From what was once a side gig, people are now looking into freelancing as a long-term career choice and a major source of income.
The freelance lifestyle is on its way to becoming more acceptable in the workforce than ever before, and the benefits it presents are even more promising. For starters, the possible income you can receive from freelance work can easily compete with the fixed income one can receive as a salaried employee. According to the Global Freelancer Insights Report by Paypal, Filipino freelancers receive an average pay of about Php 25,000 a month.
Even the government is taking notice of the sudden growth of the freelance economy so much so that laws are being passed to protect the rights of home-based workers and freelancers.

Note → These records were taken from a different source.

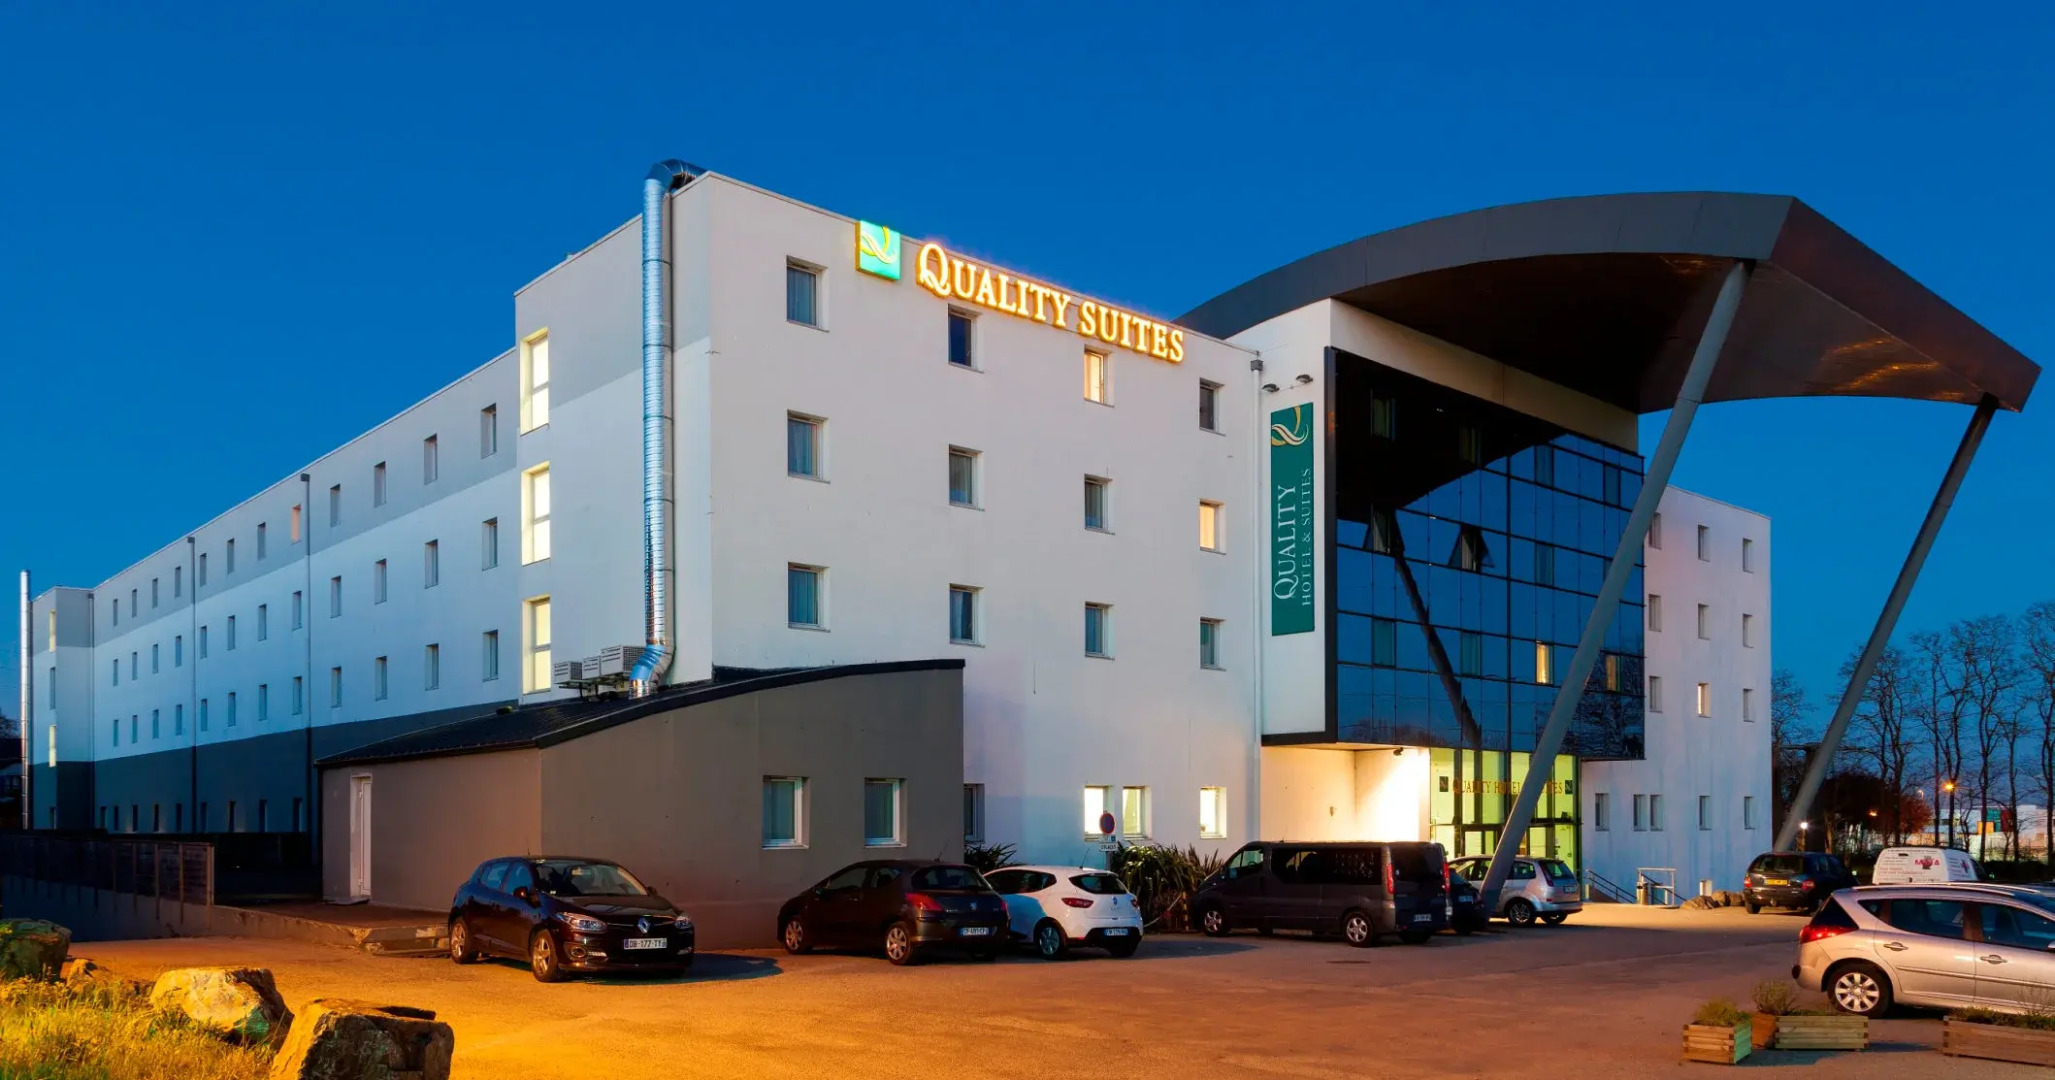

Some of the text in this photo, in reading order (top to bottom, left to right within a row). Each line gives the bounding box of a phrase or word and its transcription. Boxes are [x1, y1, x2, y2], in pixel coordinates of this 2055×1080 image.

[918, 242, 1185, 363] QUALITY SUITES
[1273, 484, 1299, 600] QUALITY
[1302, 468, 1312, 606] HOTEL & SUITES
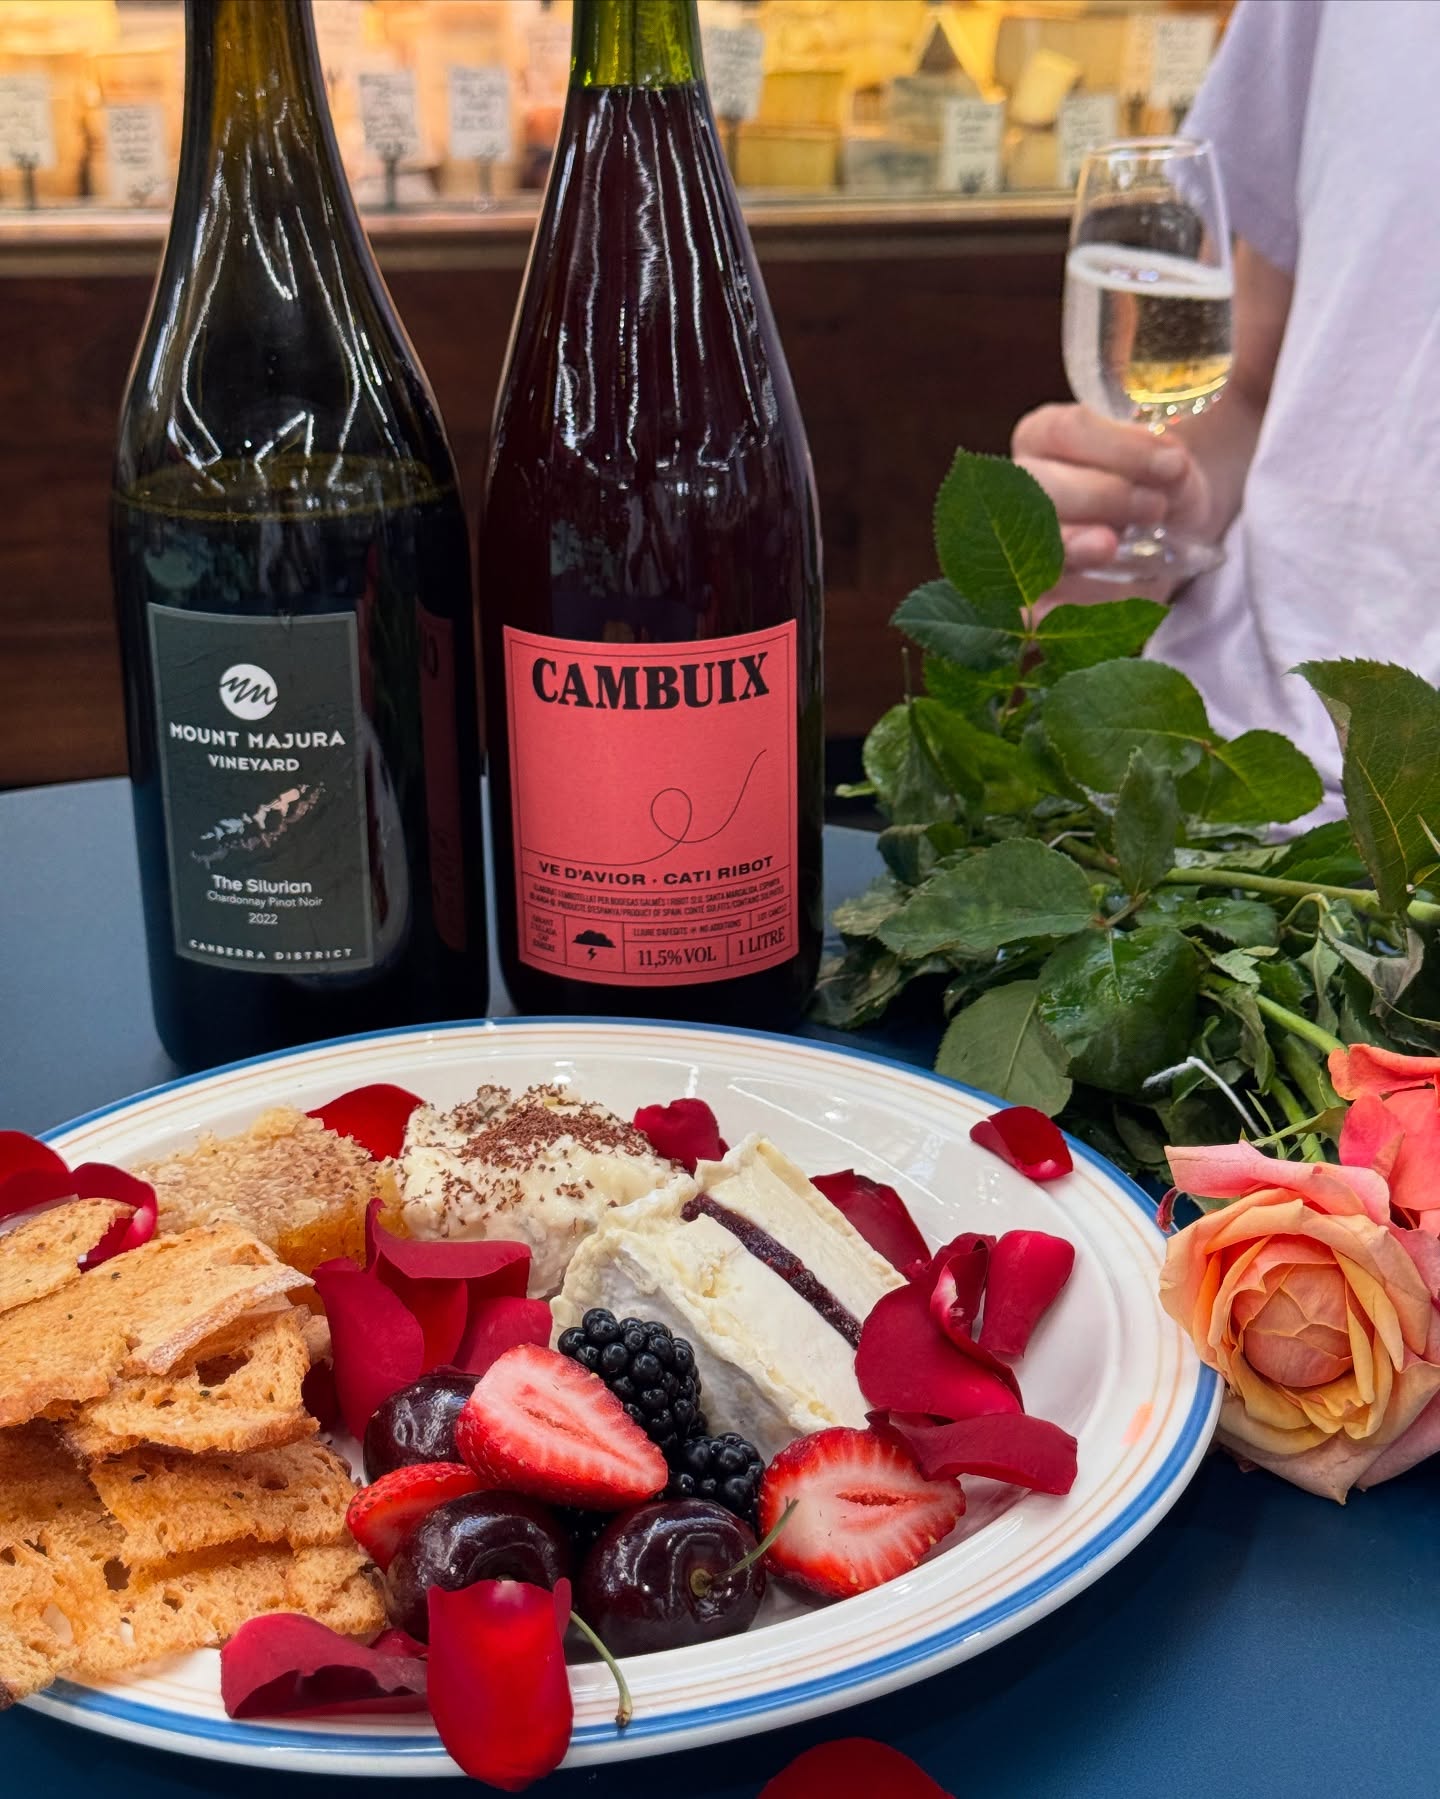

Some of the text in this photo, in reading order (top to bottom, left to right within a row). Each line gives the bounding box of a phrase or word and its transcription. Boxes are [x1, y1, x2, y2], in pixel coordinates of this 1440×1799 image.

[532, 652, 770, 709] CAMBUIX
[169, 722, 346, 749] MOUNT MAJURA
[208, 753, 300, 772] VINEYARD
[539, 855, 773, 885] VE D'AVIOR CATI RIBOT
[211, 874, 313, 894] The Silurian
[207, 890, 323, 908] Chardonnay Pinot Noir
[248, 912, 279, 925] 2022
[188, 939, 353, 960] CANBERRA DISTRICT
[739, 926, 785, 956] 1 LITRE
[638, 945, 717, 968] 11,5% VOL
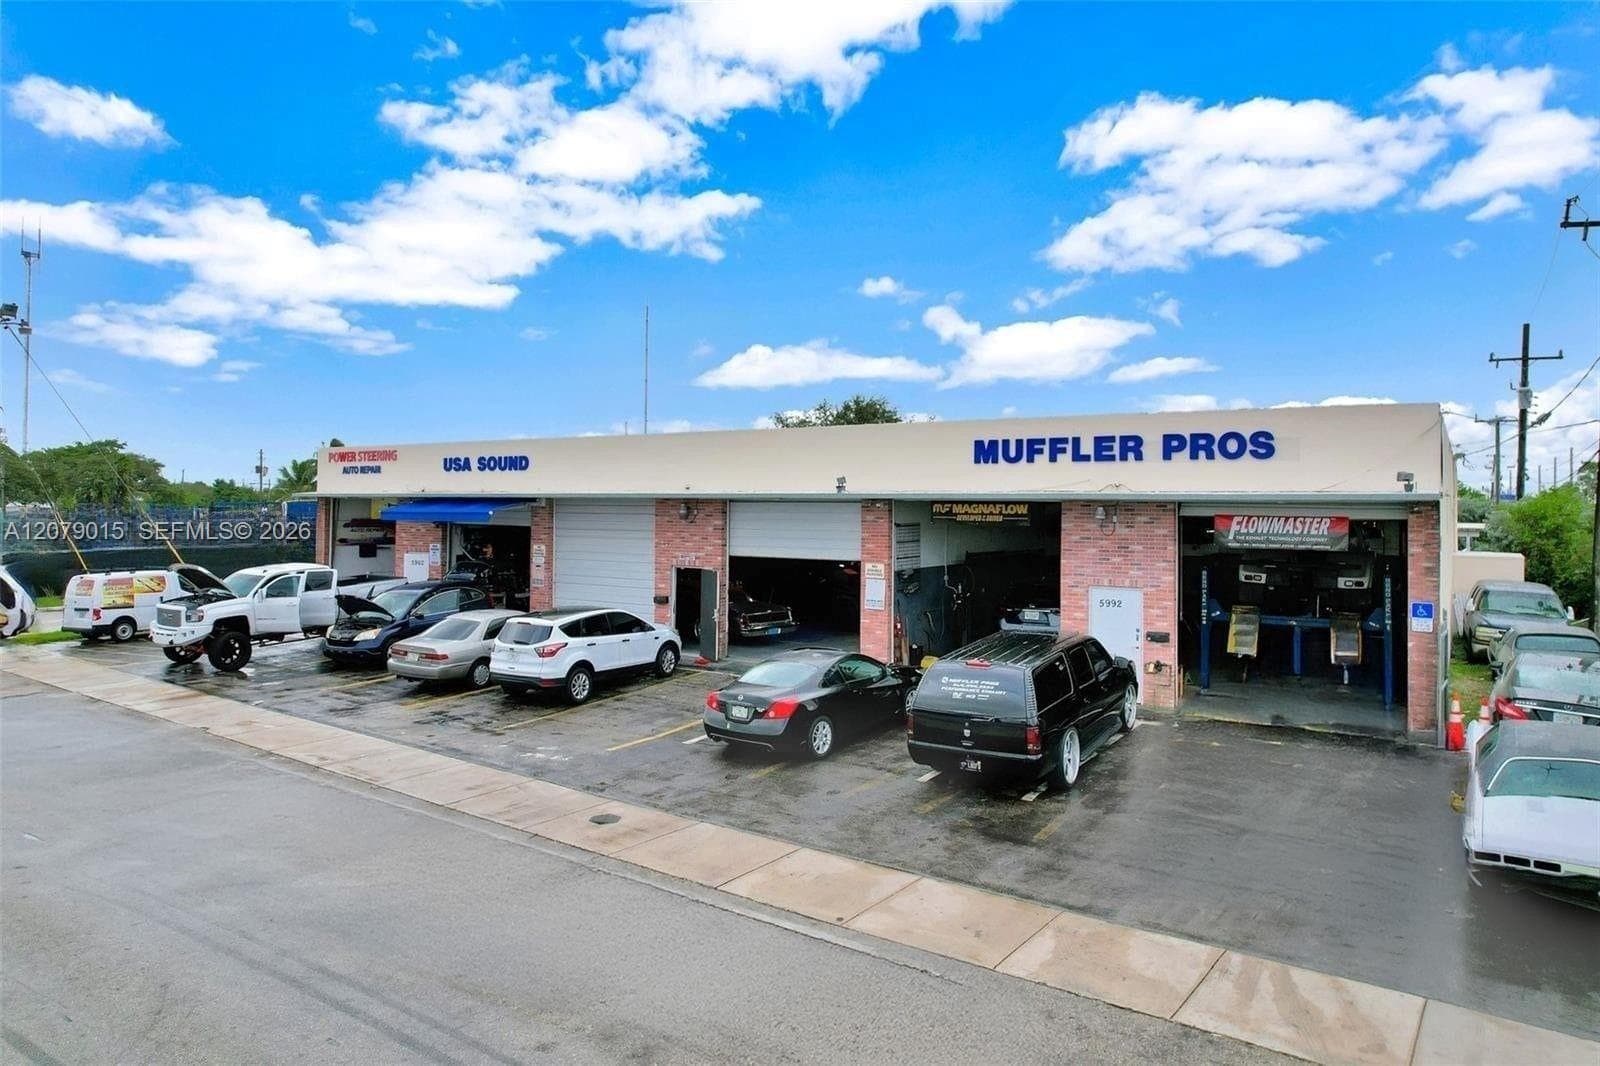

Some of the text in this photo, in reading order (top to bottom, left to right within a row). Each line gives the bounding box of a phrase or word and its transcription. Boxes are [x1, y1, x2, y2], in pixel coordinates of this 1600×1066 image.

[973, 430, 1276, 465] MUFFLER PROS
[328, 449, 398, 463] POWER STEERING
[443, 455, 530, 472] USA SOUND
[342, 464, 382, 475] AUTO REPAIR
[952, 503, 1029, 515] MAGNAFLOW
[1228, 515, 1331, 540] FLOWMASTER

While being an online worker promises good pay, getting paid, on the other hand, isn't a walk in the park. There are days when income is inconsistent and time will come, freelancers would need to save up for a new laptop or a house renovation. We then arrive at our million peso question:
When family and friends are not an option, can freelancers apply for a personal loan?
The stringent eyes of banks can easily dishearten a self-employed worker but worry not, securing a loan for those uncomfortable yet unavoidable situations might be easier than you think.
The Hidden Costs of Being a Freelancer
The potential earnings of being a home-based worker can beat a person working in a nine-to-five job. But unlike employed workers, the cash flow from freelance work can be reasonably irregular.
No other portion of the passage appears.